[Records from a data source]
::::::::::
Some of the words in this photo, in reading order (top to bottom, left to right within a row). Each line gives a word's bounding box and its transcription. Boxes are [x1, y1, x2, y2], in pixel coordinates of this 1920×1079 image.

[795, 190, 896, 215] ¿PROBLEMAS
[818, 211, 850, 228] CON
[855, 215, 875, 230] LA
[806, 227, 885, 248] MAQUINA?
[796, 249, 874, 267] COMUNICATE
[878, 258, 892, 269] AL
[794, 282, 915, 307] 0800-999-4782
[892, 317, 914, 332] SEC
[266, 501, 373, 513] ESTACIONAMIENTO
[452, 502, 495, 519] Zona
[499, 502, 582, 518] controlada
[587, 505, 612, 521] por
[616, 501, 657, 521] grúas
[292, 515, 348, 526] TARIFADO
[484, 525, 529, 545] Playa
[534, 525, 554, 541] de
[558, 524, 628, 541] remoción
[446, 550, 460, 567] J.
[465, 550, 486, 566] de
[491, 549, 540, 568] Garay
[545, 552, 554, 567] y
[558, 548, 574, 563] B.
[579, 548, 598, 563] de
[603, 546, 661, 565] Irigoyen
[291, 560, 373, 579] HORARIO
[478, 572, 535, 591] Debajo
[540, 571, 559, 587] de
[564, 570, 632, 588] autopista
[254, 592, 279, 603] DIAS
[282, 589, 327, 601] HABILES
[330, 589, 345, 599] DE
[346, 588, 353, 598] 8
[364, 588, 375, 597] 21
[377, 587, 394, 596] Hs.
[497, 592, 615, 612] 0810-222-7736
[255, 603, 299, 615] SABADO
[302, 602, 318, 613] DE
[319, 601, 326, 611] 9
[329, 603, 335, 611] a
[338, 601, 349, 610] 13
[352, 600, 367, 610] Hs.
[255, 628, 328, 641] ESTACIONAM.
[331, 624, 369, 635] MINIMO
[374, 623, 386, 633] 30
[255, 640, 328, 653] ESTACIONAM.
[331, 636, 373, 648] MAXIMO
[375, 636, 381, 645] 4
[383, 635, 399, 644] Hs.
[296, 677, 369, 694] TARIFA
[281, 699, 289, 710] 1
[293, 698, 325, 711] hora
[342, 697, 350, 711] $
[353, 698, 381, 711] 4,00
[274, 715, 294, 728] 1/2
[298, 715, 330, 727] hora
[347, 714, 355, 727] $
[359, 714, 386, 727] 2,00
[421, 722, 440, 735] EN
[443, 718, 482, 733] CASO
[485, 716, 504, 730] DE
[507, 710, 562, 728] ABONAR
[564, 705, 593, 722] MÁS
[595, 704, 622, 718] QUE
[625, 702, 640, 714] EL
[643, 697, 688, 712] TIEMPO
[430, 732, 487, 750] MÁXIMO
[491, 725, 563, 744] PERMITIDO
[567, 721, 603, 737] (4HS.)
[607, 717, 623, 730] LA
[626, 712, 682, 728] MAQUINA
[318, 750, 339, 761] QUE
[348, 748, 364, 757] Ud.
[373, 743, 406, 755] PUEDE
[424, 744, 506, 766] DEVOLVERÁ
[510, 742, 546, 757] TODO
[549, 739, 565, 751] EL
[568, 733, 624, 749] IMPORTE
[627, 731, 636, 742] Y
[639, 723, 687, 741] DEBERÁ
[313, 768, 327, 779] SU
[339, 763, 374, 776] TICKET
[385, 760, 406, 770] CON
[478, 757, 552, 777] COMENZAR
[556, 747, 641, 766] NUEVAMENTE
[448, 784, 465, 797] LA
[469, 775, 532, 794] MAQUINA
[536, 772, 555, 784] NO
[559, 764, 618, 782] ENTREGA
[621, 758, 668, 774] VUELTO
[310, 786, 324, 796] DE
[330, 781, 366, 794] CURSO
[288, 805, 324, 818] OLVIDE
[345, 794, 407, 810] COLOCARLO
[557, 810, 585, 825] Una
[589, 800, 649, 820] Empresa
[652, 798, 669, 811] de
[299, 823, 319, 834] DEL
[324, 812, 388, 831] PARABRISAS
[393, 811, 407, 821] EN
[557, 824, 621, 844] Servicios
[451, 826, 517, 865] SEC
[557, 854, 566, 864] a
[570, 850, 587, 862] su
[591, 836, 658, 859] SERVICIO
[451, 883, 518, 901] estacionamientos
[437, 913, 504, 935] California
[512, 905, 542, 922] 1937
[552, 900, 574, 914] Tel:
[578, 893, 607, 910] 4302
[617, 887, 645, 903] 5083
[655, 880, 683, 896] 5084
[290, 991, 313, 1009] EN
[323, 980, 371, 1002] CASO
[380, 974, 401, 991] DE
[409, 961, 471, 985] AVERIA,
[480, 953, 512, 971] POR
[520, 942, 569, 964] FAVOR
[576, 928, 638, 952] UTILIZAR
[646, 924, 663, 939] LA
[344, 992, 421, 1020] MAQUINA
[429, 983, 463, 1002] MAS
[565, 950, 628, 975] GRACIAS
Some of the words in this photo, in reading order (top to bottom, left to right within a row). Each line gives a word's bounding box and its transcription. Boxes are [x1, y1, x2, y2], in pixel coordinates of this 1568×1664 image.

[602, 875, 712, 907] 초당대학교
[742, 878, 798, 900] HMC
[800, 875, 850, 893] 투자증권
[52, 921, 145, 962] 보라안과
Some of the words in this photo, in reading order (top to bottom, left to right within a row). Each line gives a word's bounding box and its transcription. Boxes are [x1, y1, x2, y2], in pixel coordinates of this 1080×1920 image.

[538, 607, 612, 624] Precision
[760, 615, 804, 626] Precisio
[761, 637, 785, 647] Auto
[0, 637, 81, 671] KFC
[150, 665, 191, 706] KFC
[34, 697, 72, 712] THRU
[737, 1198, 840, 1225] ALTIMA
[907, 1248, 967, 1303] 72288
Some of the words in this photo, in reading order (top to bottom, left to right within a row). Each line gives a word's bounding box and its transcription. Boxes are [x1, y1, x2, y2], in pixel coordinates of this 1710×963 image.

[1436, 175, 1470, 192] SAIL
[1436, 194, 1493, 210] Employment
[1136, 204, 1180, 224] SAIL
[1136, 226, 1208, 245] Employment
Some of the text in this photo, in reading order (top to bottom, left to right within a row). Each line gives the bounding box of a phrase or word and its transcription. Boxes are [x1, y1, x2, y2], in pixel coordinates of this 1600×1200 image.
::::::::::
- [PROBLEM DETAILS]: Restate word for word the lines running from the line that holds "this 1080×1920 image." to the final line of the entries.

- [SOLUTION TO THIS TASK]:
Some of the words in this photo, in reading order (top to bottom, left to right within a row). Each line gives a word's bounding box and its transcription. Boxes are [x1, y1, x2, y2], in pixel coordinates of this 1080×1920 image.

[538, 607, 612, 624] Precision
[760, 615, 804, 626] Precisio
[761, 637, 785, 647] Auto
[0, 637, 81, 671] KFC
[150, 665, 191, 706] KFC
[34, 697, 72, 712] THRU
[737, 1198, 840, 1225] ALTIMA
[907, 1248, 967, 1303] 72288
Some of the words in this photo, in reading order (top to bottom, left to right within a row). Each line gives a word's bounding box and its transcription. Boxes are [x1, y1, x2, y2], in pixel coordinates of this 1710×963 image.

[1436, 175, 1470, 192] SAIL
[1436, 194, 1493, 210] Employment
[1136, 204, 1180, 224] SAIL
[1136, 226, 1208, 245] Employment
Some of the text in this photo, in reading order (top to bottom, left to right within a row). Each line gives the bounding box of a phrase or word and its transcription. Boxes are [x1, y1, x2, y2], in pixel coordinates of this 1600×1200 image.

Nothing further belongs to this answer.